> **What you have to do**
Please write out all of the data below exactly, without including the pictures.

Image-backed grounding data
--- START ---

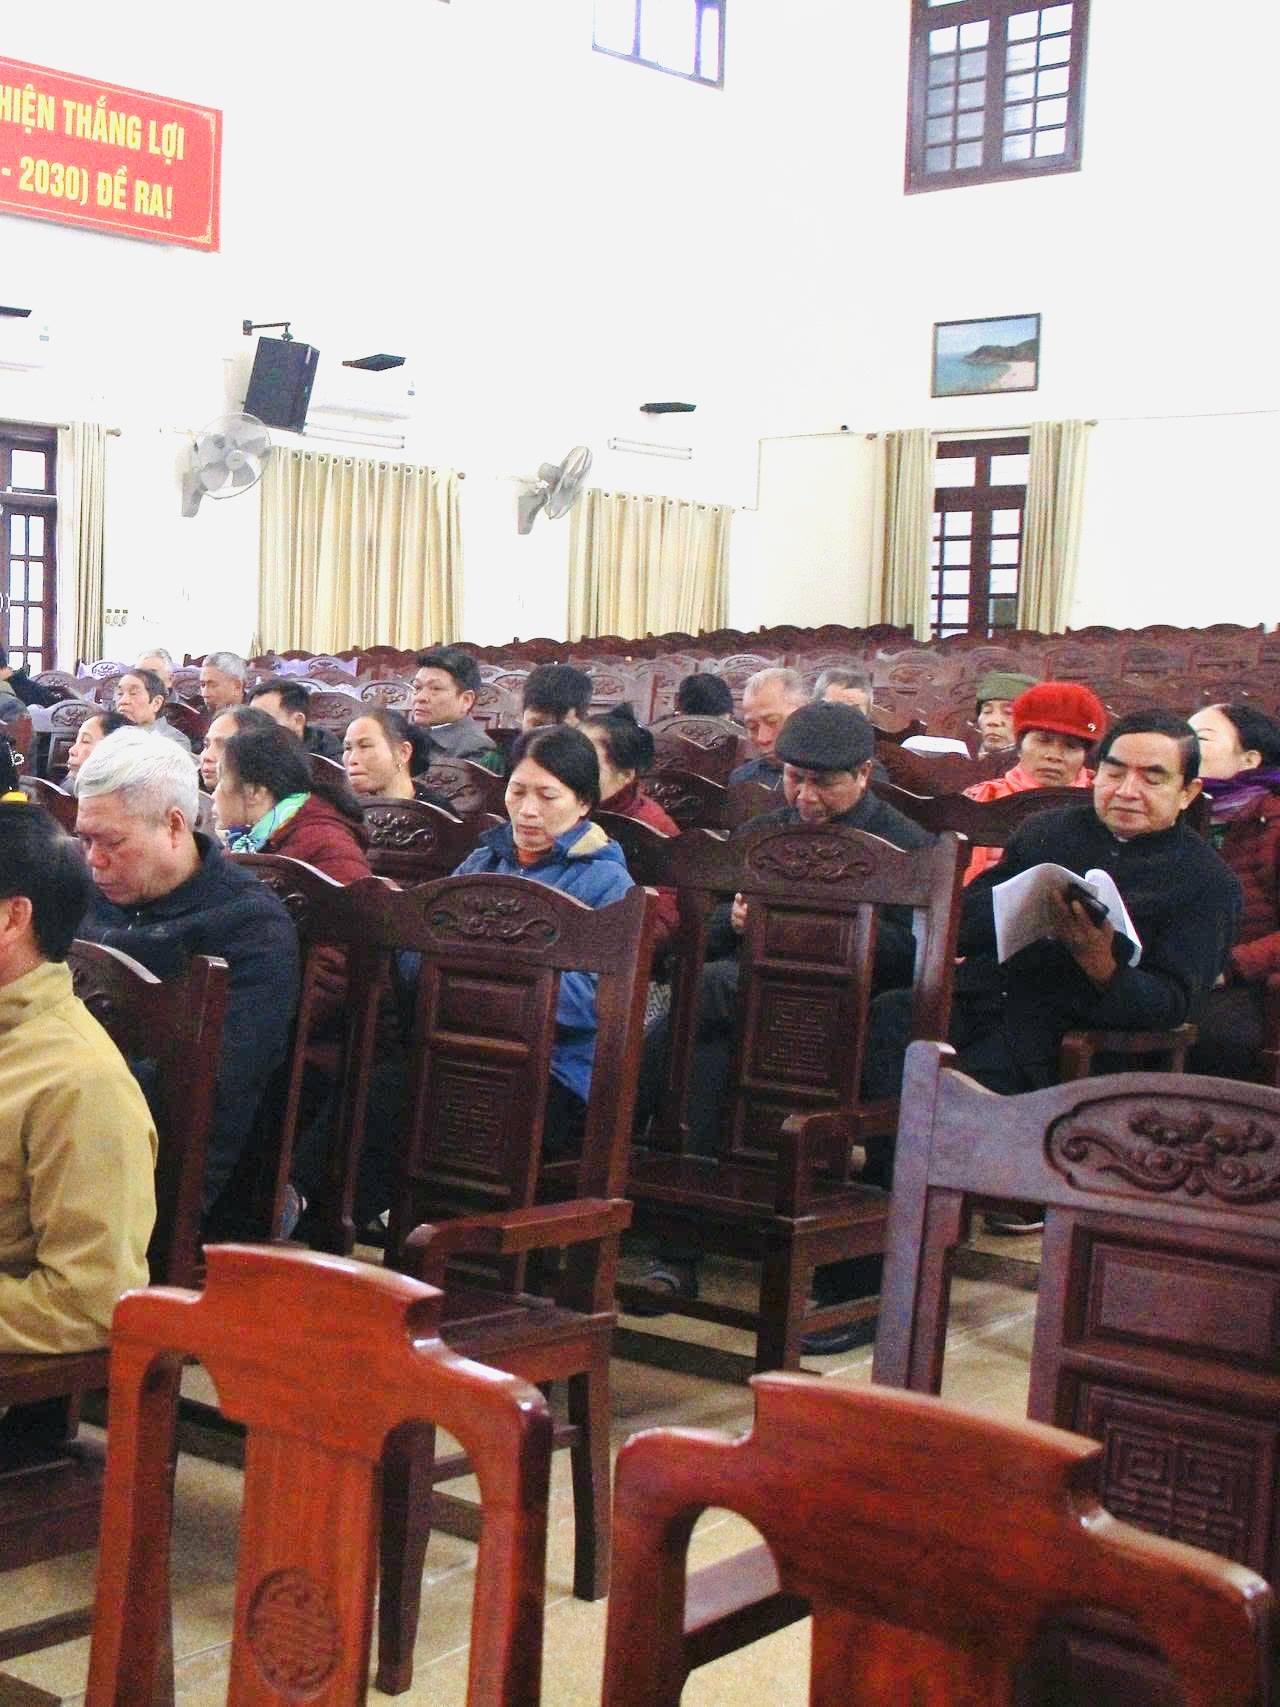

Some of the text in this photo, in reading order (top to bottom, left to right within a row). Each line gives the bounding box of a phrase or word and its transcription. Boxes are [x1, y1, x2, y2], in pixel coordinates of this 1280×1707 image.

[62, 95, 142, 151] THẮNG
[148, 119, 185, 165] LỢI
[18, 155, 89, 206] 2030)
[95, 164, 128, 210] ĐỀ
[133, 179, 174, 220] RA!

--- END ---

> **Result**
Some of the text in this photo, in reading order (top to bottom, left to right within a row). Each line gives the bounding box of a phrase or word and its transcription. Boxes are [x1, y1, x2, y2], in pixel coordinates of this 1280×1707 image.

[62, 95, 142, 151] THẮNG
[148, 119, 185, 165] LỢI
[18, 155, 89, 206] 2030)
[95, 164, 128, 210] ĐỀ
[133, 179, 174, 220] RA!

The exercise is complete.